18 апреля 1994 года в связи со 100-летием со дня рождения Хрущева была проведена под руководством правившего СССР в 1985-1991 годах М. С. Горбачева широкая (более 30 участников) конференция, стенограмма которой в том же году вышла в свет в виде книги, изданной немалым по теперешним меркам тиражом. И все происходившее в 1953-1964 годах толкуется в сей книге, по сути дела, как проявления личной воли Хрущева.
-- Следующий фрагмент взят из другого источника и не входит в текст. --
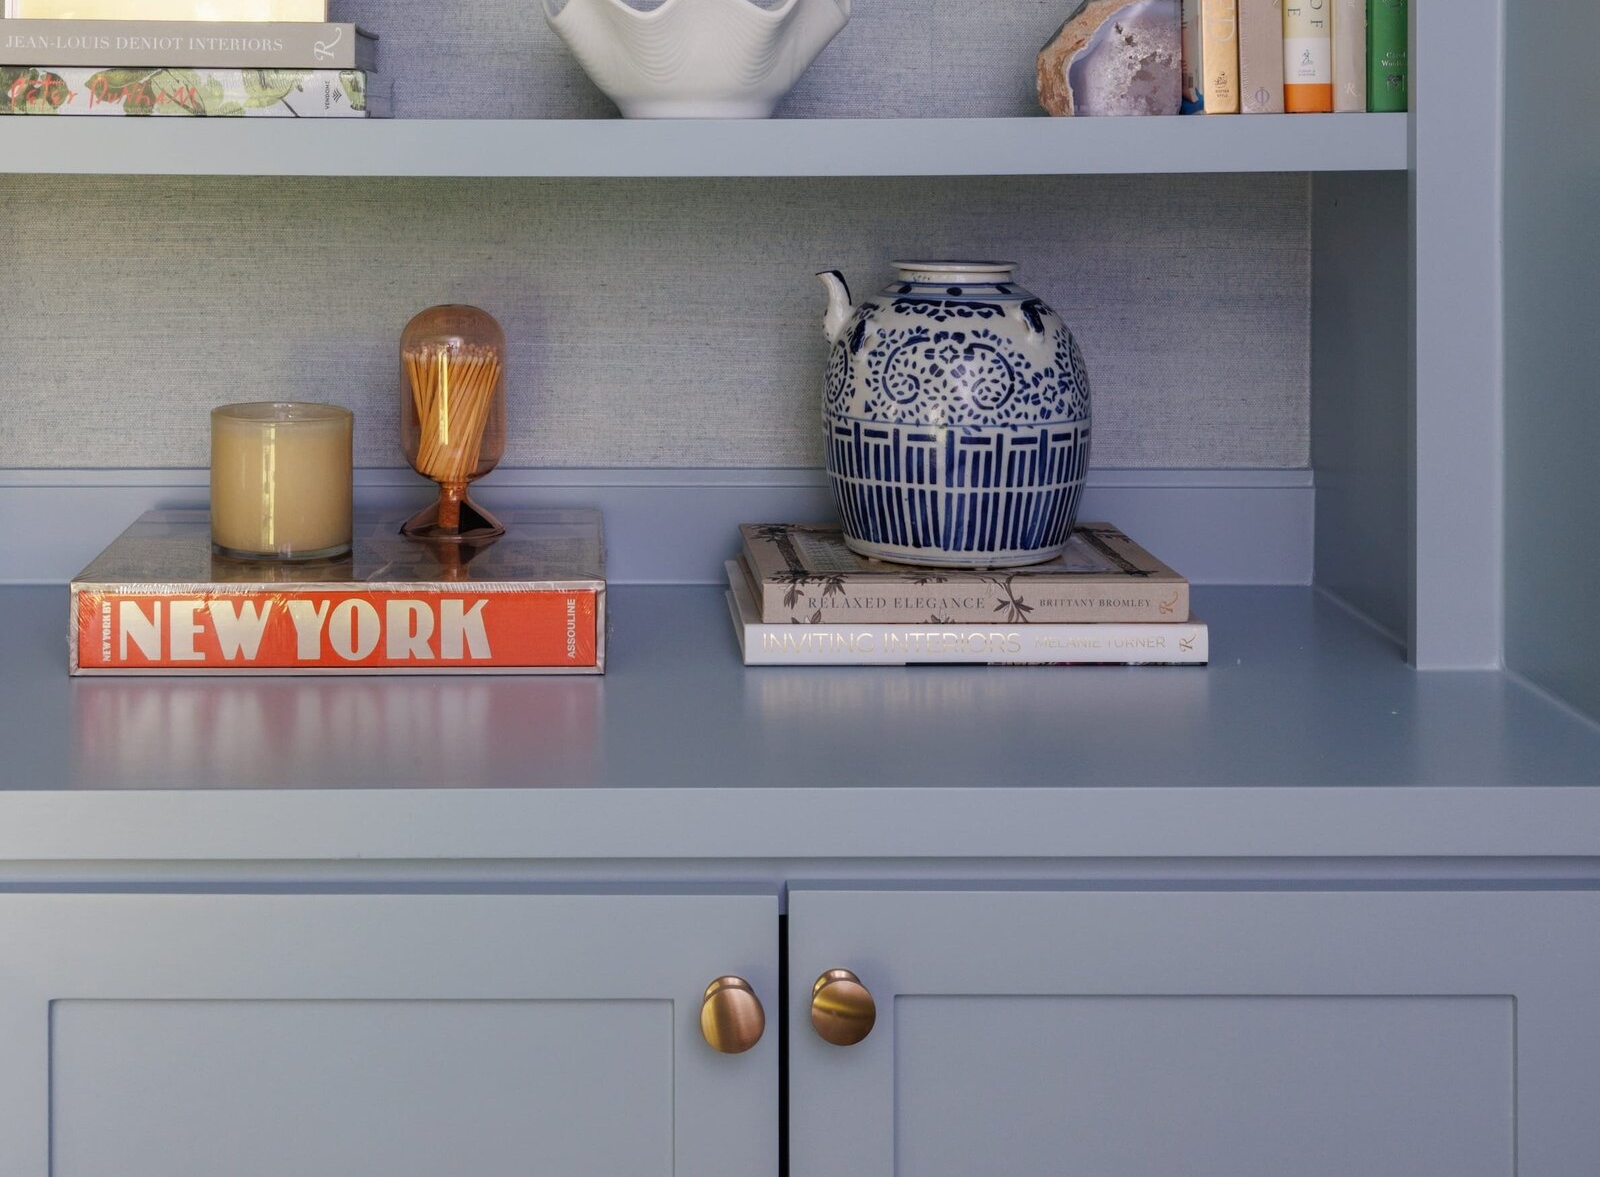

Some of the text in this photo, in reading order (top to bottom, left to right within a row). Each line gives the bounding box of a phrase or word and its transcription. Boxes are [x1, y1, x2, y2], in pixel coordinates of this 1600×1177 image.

[5, 35, 283, 51] JEAN-LOUIS DENIOT INTERIORS
[808, 597, 1151, 609] RELAXED ELEGANCE BRITTANY BROMLEY
[102, 601, 111, 662] NEW YORK BY
[119, 598, 492, 661] NEW YORK
[566, 598, 576, 659] ASSOULINE
[762, 632, 1166, 654] INVITING INTERIORS MELANIE TURNER
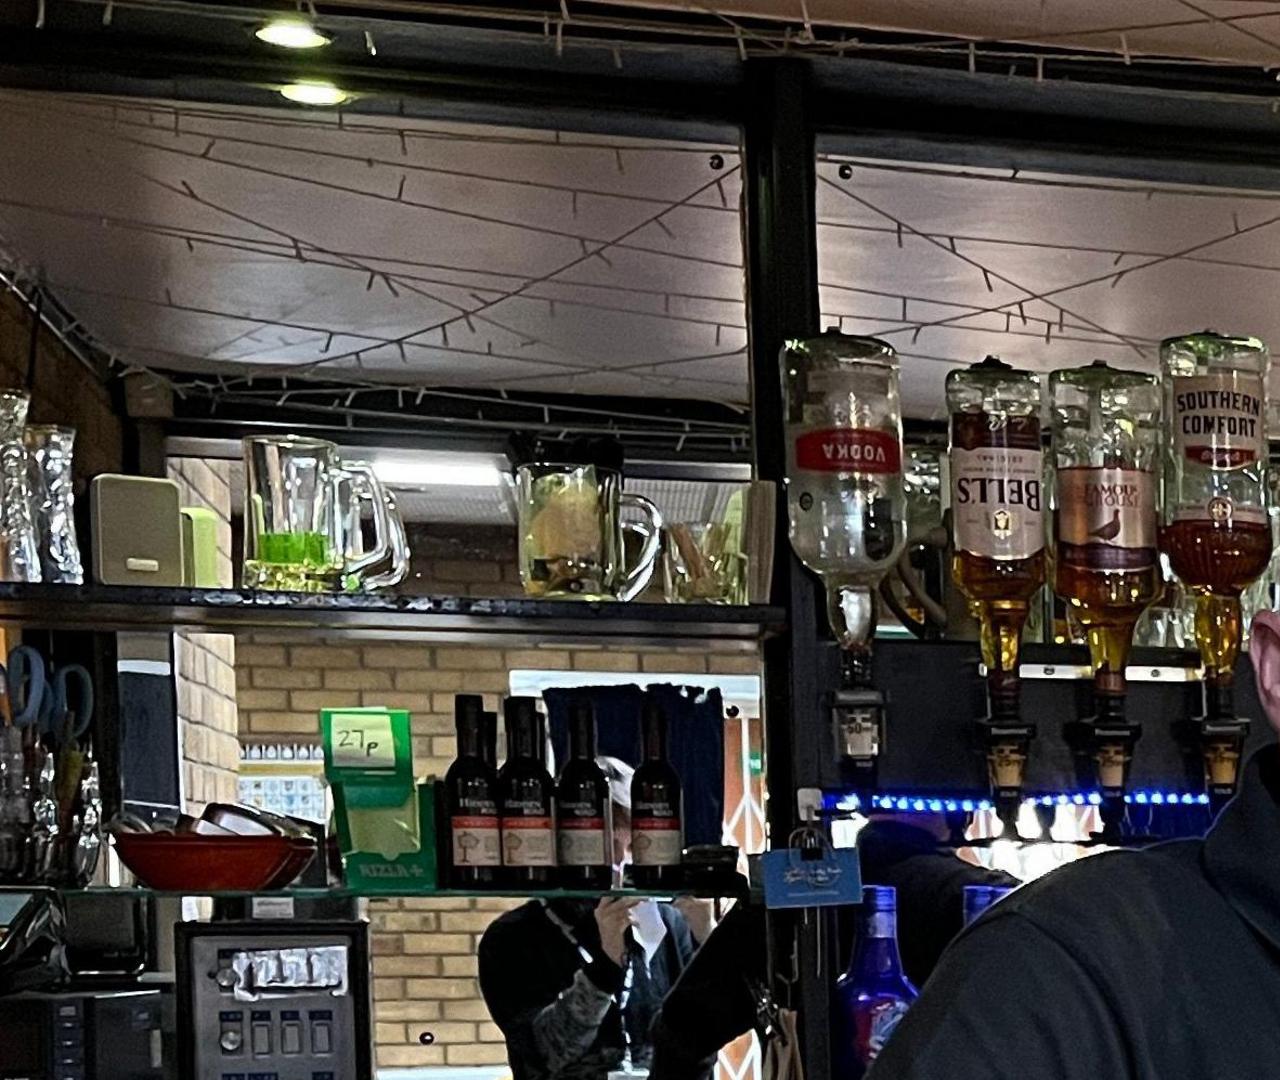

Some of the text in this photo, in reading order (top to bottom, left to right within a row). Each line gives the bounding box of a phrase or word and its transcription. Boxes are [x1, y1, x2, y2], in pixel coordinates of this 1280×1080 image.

[1177, 390, 1259, 416] SOUTHERN
[1182, 415, 1257, 437] COMFORT
[822, 443, 885, 463] VODKA
[957, 477, 1041, 512] BELL'S
Впрочем, более или менее осведомленный историк КПСС В. П. Наумов не мог не сказать на этой конференции, что прекращение фальсифицированных политических «дел» (врачей, «сионистского заговора» в МГБ, «мингрельского» и др.), решение о пересмотре Ленинградского дела, амнистия почти половины — 1,2 млн. (!) — заключенных ГУЛАГа и т. п. были осуществлены по инициативе и в ходе практических мероприятий вовсе не Хрущева, а Берии, но, последний, по словам Наумова, делал все это, так как «пытался создать образ непреклонного борца за восстановление законности и правопорядка, за реабилитацию всех невинно пострадавших… и т. п. Следует признать, что Берия преуспел в решении своих задач. Его действия в то время произвели впечатление, и, сейчас, спустя 40 лет, многие исследователи принимают его маневры за чистую монету»487.
Заключительная фраза по меньшей мере странна, ибо ведь подследственные и заключенные действительно освобождались тогда по указаниям Берии; «монета», если уж пользоваться этим выражением, была все же «чистой». Но Наумов без каких-либо аргументов противопоставляет действия Берии и позднейшие аналогичные действия Хрущева, который-де руководствовался иными — так сказать, «благородными» — устремлениями.
Между тем (о чем уже шла речь) и мировая, и отечественная история свидетельствуют, что любые правители, предшественники которых были объектами определенного «культа» и в той или иной мере деспотичными, приходя после них к власти, оказываются, по сути дела, вынужденными проявить гуманность. Так, почти ровно за сто лет до смерти Сталина, 2 марта 1855 года, умер деспотичный, по тогдашним меркам, император Николай I, и сменивший его Александр II амнистировал декабристов, петрашевцев, членов украинского Кирилло-Мефодиевского общества (Н. И. Костомаров, Т. Г. Шевченко и другие) и т. д.